The Deepwater Horizon well blowout nearly proved fatal for BP as investors panicked about the possible scale of damages claims, fines under the Oil Pollution Act and Clean Water Act, and backlash from regulators, politicians and the public.

If the spill had occurred from an oil well, tanker or pipeline owned by a major bank, the ensuing panic might well have triggered a crisis of confidence and a run.

Unlike BP, which had substantial shareholder equity and enormous cashflows from non-financial activities, banks are thinly capitalised and their cashflows depend almost entirely on financial activities.

Banks are uniquely susceptible to a crisis of confidence.

Unlike BP, a bank facing a major disaster would probably need to seek protection from the Fed to reassure its counterparties and customers and ensure it could continue operating.

 

* Third, managing nonbanking risks is likely to distract senior management from focusing on the risks in the bank’s core banking business.

The recent spate of massive fines and settlements imposed on the banks and the entire sector’s near-death experience in 2008-09 suggest senior managers need to concentrate on managing their core businesses more effectively, not diversify into new areas with unfamiliar risks.

 

• Finally, presuming policymakers want to maintain at least some distinction between banking and industrial businesses, if banks are allowed to engage in physical commodity trading because it is closely related, incidental or complementary to banking, where should the line be drawn? If banks are permitted to own metals warehouses, why not allow them to own a copper wire fabrication business or go into the business of making aluminium window frames?

If they can deal in physical propane and home heating oil, why not allow them to enter the retail distribution business? And if banks are allowed to enter the physical trading business, why not allow traders like Vitol, Glencore and Cargill to set up their own banking operations?

None of these issues is new. The original 1956 Bank Holding Company Act was passed by Congress in response to concerns about monopolisation in interstate banking, especially by Transamerica Corporation, which had amassed an enormous banking empire, and eventually split off 329 banking offices in 11 western states.

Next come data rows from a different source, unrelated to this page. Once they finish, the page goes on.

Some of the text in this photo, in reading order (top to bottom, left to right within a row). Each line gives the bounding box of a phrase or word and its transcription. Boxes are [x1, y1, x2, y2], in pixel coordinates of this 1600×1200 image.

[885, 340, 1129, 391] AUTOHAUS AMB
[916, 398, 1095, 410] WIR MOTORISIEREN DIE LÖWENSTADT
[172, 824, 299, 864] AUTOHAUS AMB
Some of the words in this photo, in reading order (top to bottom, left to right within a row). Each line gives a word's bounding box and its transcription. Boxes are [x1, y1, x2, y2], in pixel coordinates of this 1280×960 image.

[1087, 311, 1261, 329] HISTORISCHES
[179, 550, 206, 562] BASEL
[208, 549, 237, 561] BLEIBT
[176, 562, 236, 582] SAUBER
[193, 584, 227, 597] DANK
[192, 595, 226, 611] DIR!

Concerns about commingling banking and nonbanking business were incidental. Legislators were more worried banks would use their control of credit to force customers to buy nonbanking products as well.

But Transamerica highlighted the risks of permitting one company to own banking and nonbanking businesses.

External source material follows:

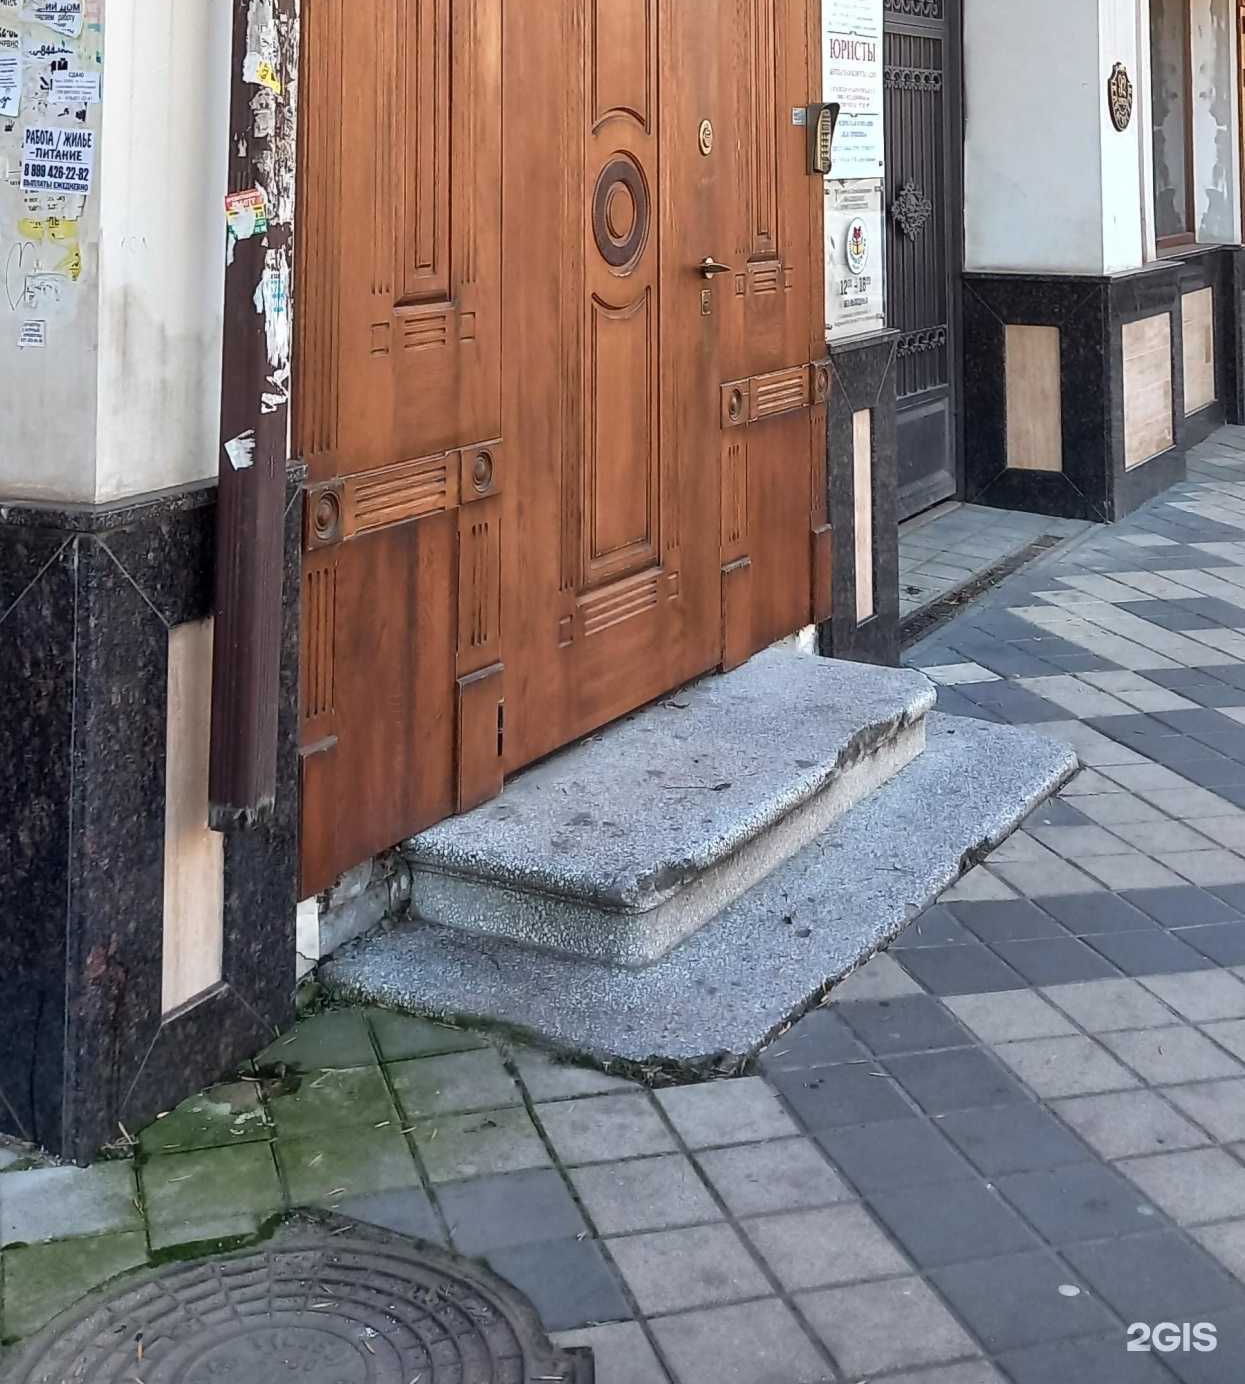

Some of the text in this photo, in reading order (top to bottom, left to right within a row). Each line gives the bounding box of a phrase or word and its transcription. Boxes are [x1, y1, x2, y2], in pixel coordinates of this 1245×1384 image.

When Transamerica split itself in two its “nonbanking interests included five insurance companies, two real estate and property development subsidiaries, a metal fabricating company, (and) a seafood packer,” according to a contemporary journal article (‘Board of Governors versus Transamerica: Victory out of Defeat’).

Transamerica shows what can happen when banks are allowed to leverage their position into other business lines.

There are sound policy reasons for maintaining a bright line between banking and nonbanking businesses. If an absolute prohibition is impossible, banks should be required to establish a separately capitalised subsidiary with a firewall, no credit subsidies, and freedom to fail, entirely outside the banking system.

 

But that would be a sub-optimal solution. Better to tell the banks to stick to banking.

Banking really is different. Banks have unique advantages afforded to no other business.

But in return they must expect to be regulated differently, and that includes restrictions on undertaking non-banking activities within the same corporate organisation.